Hey, what about Sid? He did it, too! He’s the one who seizes the rocket and pulls it out! He’s the one one who carefully gives it to a marine sapper in a Yeti suit. In his moment of courageous triumph Lee gives Susannah all the credit, just for handing him a clamp. Well OK, for volunteering. And for being his Susannah.
She swells under his praise as she watches the skinny kid helper, err sorry, watches Sid, carefully place the live ordinance inside a disposal case held up by a Yeti. The experienced specialist removes the fuse from the rocket grenade, seals it inside, and moves sedately from the room.
When they’re done, when the boy’s all sewn up and knocked out under fresh suspend that arrives just when General Sòng promised, Lee tells Susannah and the brave cook’s helper (she no longer thinks of him as ‘the skinny kid,’ but can’t quite manage ‘Sid’) to get out of the surgery and take a break.
“Find a quiet place and rest for at least 20 minutes. Both of you, eat something. A protein K-ration bar, or a sandwich. Drink some water, too. Lot’s of water.” He smiles broadly and looks at Susannah. “Then get back in here. I need you.”
He places a warm, gentle hand on her arm and guides her toward the door. She lets him do it, no longer resistant to his kindness. It gives her real comfort to be touched by Lee, just as it did when she was in recovery on Red Rover and he paid her little, awkwardly sweet attentions. Then he astonishes her. Just before he lets go her arm he leans in and softly kisses her on the lips.
She startles.
She shakes.
She blushes.
She feels a cascading flush of warm, rushing blood and taut, released emotion. It courses from her scalp down to her breasts and into her groin, ending by wobblin
g her knees. She hasn’t felt such a fluttery tightness in her stomach and engorgement down there in ages. She hasn’t flushed about anything or anyone, in a very long time. Not since before a sniper bot tried to kill her on Glarus. In all the time since then, this moment is the first one she feels truly alive.

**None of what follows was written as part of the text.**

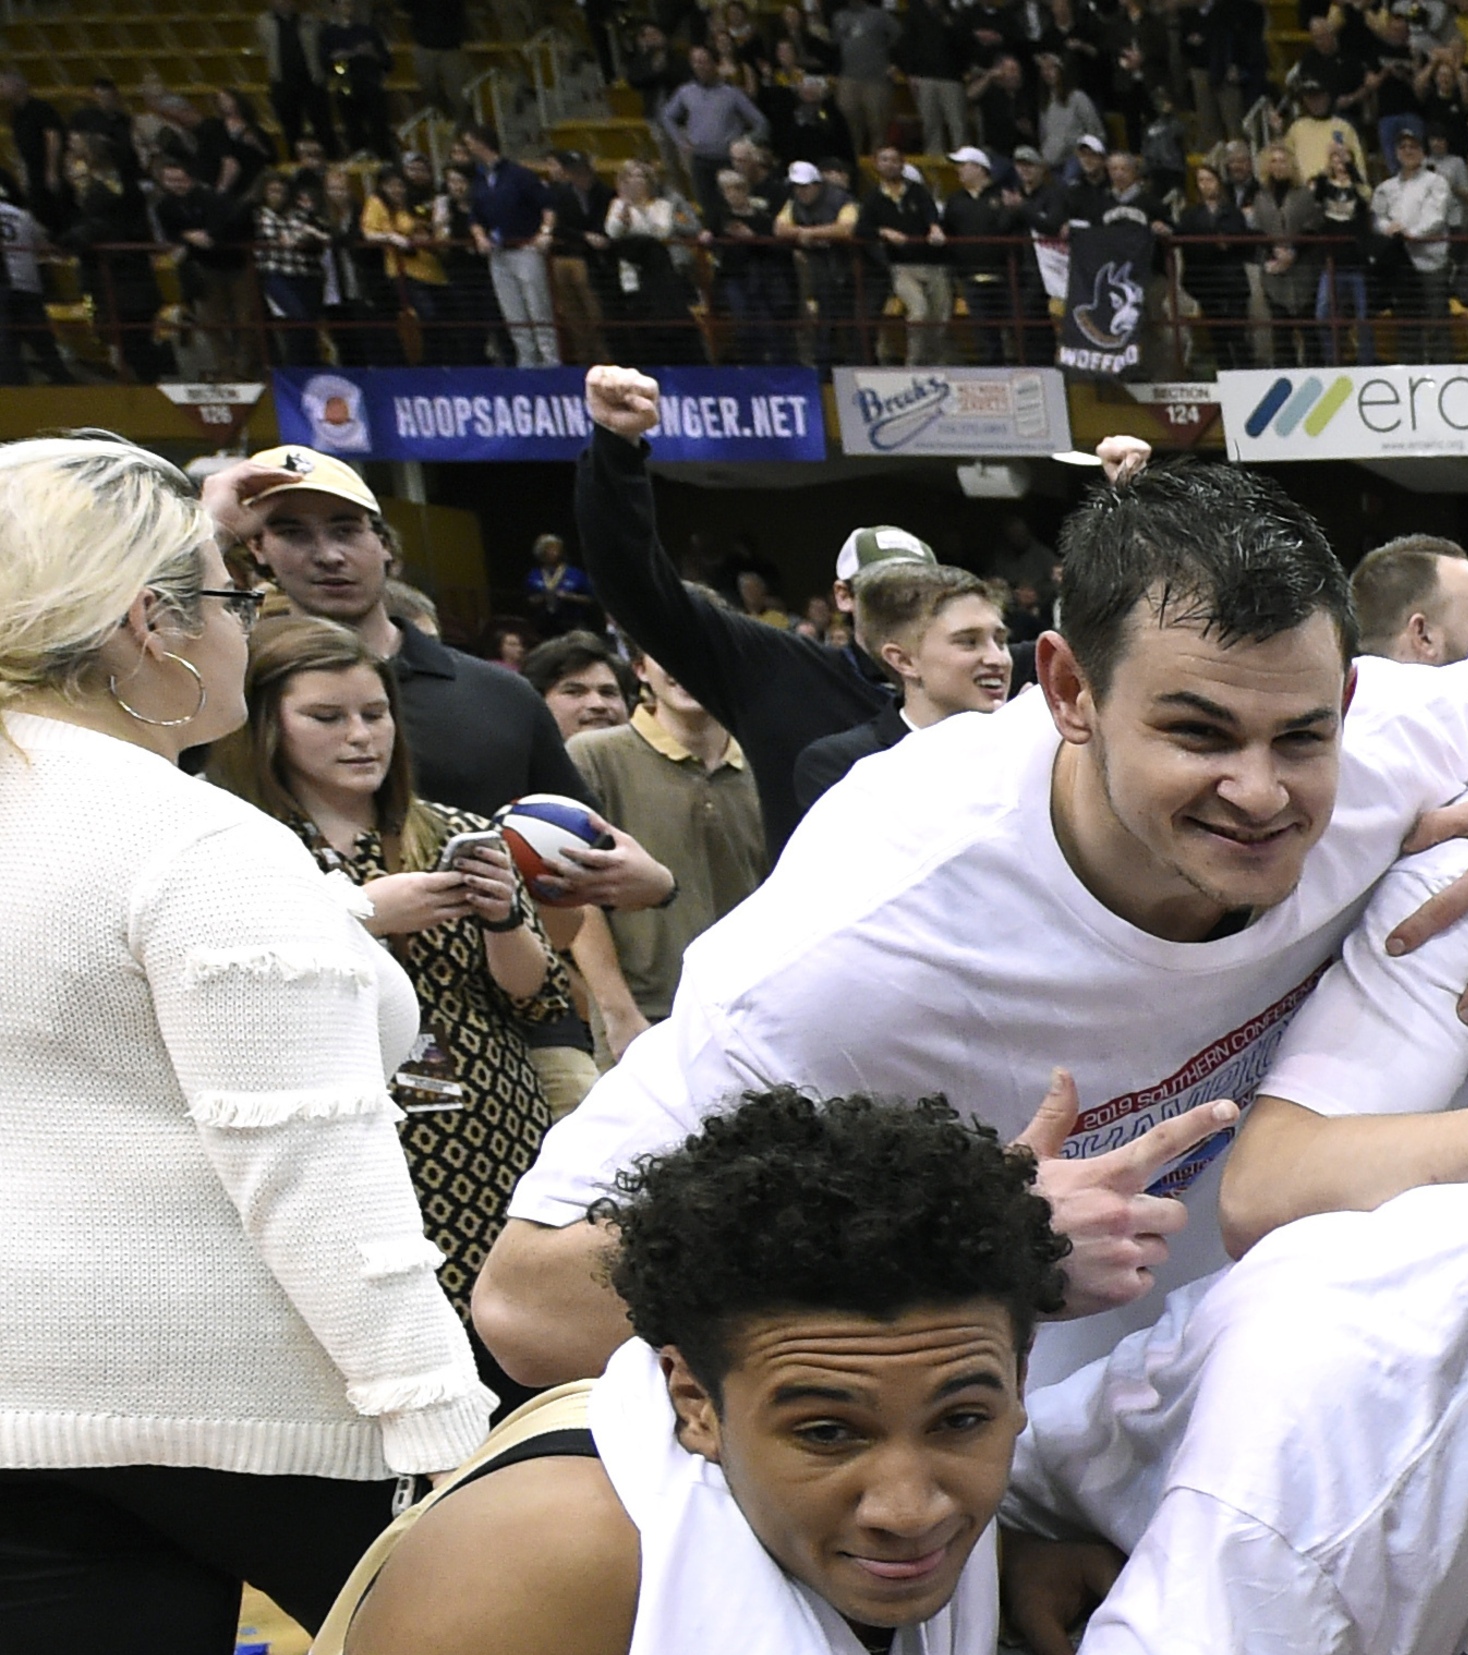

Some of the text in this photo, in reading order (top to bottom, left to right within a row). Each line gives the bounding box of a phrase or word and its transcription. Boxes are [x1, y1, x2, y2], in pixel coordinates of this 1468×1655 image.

After her break she slips back into the surgery, trying not to watch Lee alone but drawn to him against her will. The air is close. She smells onions and old soup, blood and iron, bone and piss and pus. And just a hint of cloves whenever Lee brushes past where she’s standing, which he does more closely and often than she thinks he needs to. It’s exhilarating. In the midst of all this pain and horror, she comes alive again. Then she hears the voice: ‘Susannah, I’m still waiting for you.’
***
An hour later, Lee finishes the last case of the day. It’s not an emergency. He just likes to keep his hands wet, literally on these rare occasions when he gets to operate the old way. Not in a virtual cubicle via a REMOTE, but with hands deep and moving inside real flesh, real guts, real blood.